I ran the mxnet_numpy_performance_test on my Jetson Nano and got some interesting results:

```
NumPy : Dotted two 512x512 matrices in 0.05 s.
mxnet.numpy : Dotted two 512x512 matrices in 0.08 s.
mxnet.numpy on GPU : Dotted two 512x512 matrices in 0.01 s.
NumPy : Dotted two 1024x1024 matrices in 0.38 s.
mxnet.numpy : Dotted two 1024x1024 matrices in 0.65 s.
mxnet.numpy on GPU : Dotted two 1024x1024 matrices in 0.03 s.
NumPy : Dotted two 2048x2048 matrices in 2.96 s.
mxnet.numpy : Dotted two 2048x2048 matrices in 5.22 s.
mxnet.numpy on GPU : Dotted two 2048x2048 matrices in 0.10 s.

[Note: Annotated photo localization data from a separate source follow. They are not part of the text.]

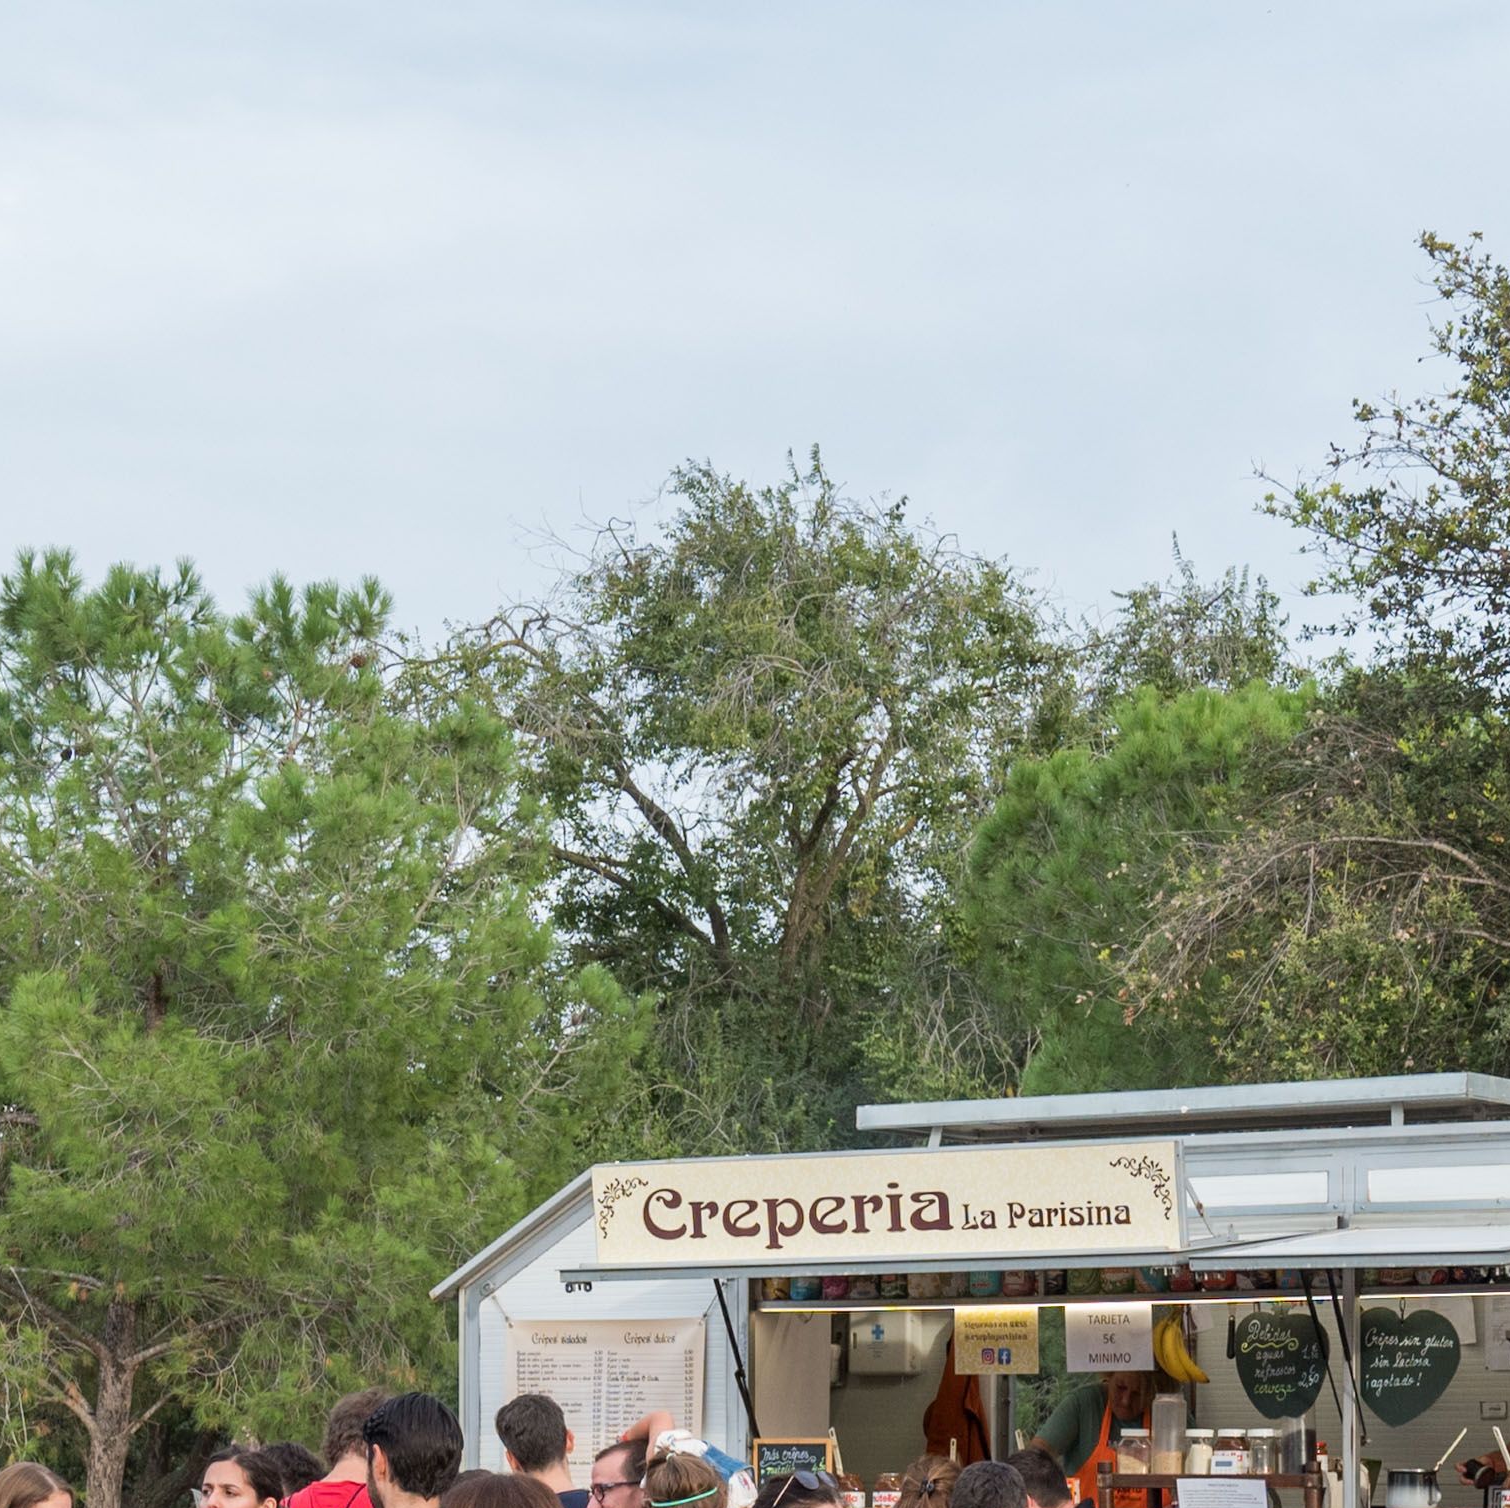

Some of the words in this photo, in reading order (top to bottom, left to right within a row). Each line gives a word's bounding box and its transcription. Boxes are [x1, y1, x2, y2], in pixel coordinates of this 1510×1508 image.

[643, 1182, 954, 1249] Creperia
[962, 1204, 997, 1231] La
[1007, 1200, 1131, 1229] Parisina
[1088, 1314, 1130, 1325] TARJETA
[1248, 1319, 1292, 1342] Bebidas
[653, 1332, 676, 1344] dulces
[1102, 1332, 1116, 1344] 5€
[1399, 1335, 1422, 1347] sin
[1420, 1335, 1454, 1356] gluten
[1088, 1352, 1132, 1364] MINIMO
[1370, 1354, 1390, 1368] sin
[1392, 1351, 1432, 1368] lactosa

NumPy : Dotted two 4096x4096 matrices in 23.62 s.
mxnet.numpy : Dotted two 4096x4096 matrices in 41.78 s.
mxnet.numpy on GPU : Dotted two 4096x4096 matrices in 0.65 s.
```

Looking at jtop’s cpu utilization meters it looks like that mxnet.numpy uses only one CPU core while NumPy uses all four. Am I missing here something or is there some room for optimizing compile/build parameters?